Auld Lang Syne at the Cinema

How Hollywood has created a holiday of unreasonable expectations and why we should probably stop buying in (but never will)

Auld Lang Syne at the Cinema

During the three years I lived in New York City, I didn't go on a single date where I didn't think, at least for a minute, about some Woody Allen movie. I couldn't help it. In our society, the influence of movies is so pervasive that from birth on, it's nearly impossible for us not to think of the world in relation to them. Movies don't just color our experiences; they corrupt our expectations of them. We can't go to college or lose our virginity or go off to war claiming with any real honesty that we're doing those things for the first time, because we've been through them all before, just with more attractive co-stars. Even at my father's memorial service, I couldn't help thinking about Vito Corleone's funeral scene in The Godfather, wondering how ours looked by comparison. (Not too badly, as it turns out. A little light on gangsters and a little heavy on rabbis, but otherwise a perfect, totally depressing scene.)

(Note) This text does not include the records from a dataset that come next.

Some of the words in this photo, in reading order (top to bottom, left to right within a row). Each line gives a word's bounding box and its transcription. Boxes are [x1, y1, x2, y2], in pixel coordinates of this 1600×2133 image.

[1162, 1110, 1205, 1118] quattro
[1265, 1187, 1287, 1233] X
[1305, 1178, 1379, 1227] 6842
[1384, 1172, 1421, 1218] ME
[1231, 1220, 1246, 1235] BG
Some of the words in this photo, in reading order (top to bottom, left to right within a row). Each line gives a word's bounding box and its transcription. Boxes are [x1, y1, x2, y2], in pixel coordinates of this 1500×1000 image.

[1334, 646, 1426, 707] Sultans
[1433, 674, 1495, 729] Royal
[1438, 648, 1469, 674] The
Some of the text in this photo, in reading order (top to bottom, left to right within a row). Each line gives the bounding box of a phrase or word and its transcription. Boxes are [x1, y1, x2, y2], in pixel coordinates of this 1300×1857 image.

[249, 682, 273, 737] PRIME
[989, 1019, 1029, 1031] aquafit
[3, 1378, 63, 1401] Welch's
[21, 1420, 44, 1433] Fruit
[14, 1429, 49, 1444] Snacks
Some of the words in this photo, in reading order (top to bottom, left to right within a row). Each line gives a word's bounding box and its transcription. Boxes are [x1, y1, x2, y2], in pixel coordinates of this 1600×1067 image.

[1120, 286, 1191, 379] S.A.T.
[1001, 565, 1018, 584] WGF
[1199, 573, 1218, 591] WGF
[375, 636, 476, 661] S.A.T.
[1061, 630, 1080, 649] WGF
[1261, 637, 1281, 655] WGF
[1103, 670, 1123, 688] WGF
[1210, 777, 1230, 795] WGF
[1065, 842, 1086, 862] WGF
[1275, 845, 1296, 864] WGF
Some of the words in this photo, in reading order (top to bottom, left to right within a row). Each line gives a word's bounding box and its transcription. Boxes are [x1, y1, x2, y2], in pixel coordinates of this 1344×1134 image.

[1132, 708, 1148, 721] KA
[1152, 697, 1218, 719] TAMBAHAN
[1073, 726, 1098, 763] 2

I bring this up because we're coming to that time in the movie calendar – New Year's Eve – when Hollywood really cranks up the fantasy quotient and goes out of its way to create the most unreasonable expectations for what a quality holiday experience – and, by extension, what a quality life – should be.

New Year's movies play almost like advertisements: You too can fall madly in love with the perfect girl and commemorate the occasion with a 20-minute dance number set to a Gershwin score, like Gene Kelly in An American in Paris! You too can be blessed with economic and creative freedom at the stroke of midnight, like Tim Robbins in The Hudsucker Proxy! You too can find yourself in the middle of the perfect, fleeting romantic moment just by posting a request on the Internet, like Scoot McNairy in In Search of a Midnight Kiss! It's fantasy after fantasy, cultivating in our minds the most absurd notions of what is and isn't possible, of what we should and shouldn't expect from ourselves, on this one arbitrary night of the year.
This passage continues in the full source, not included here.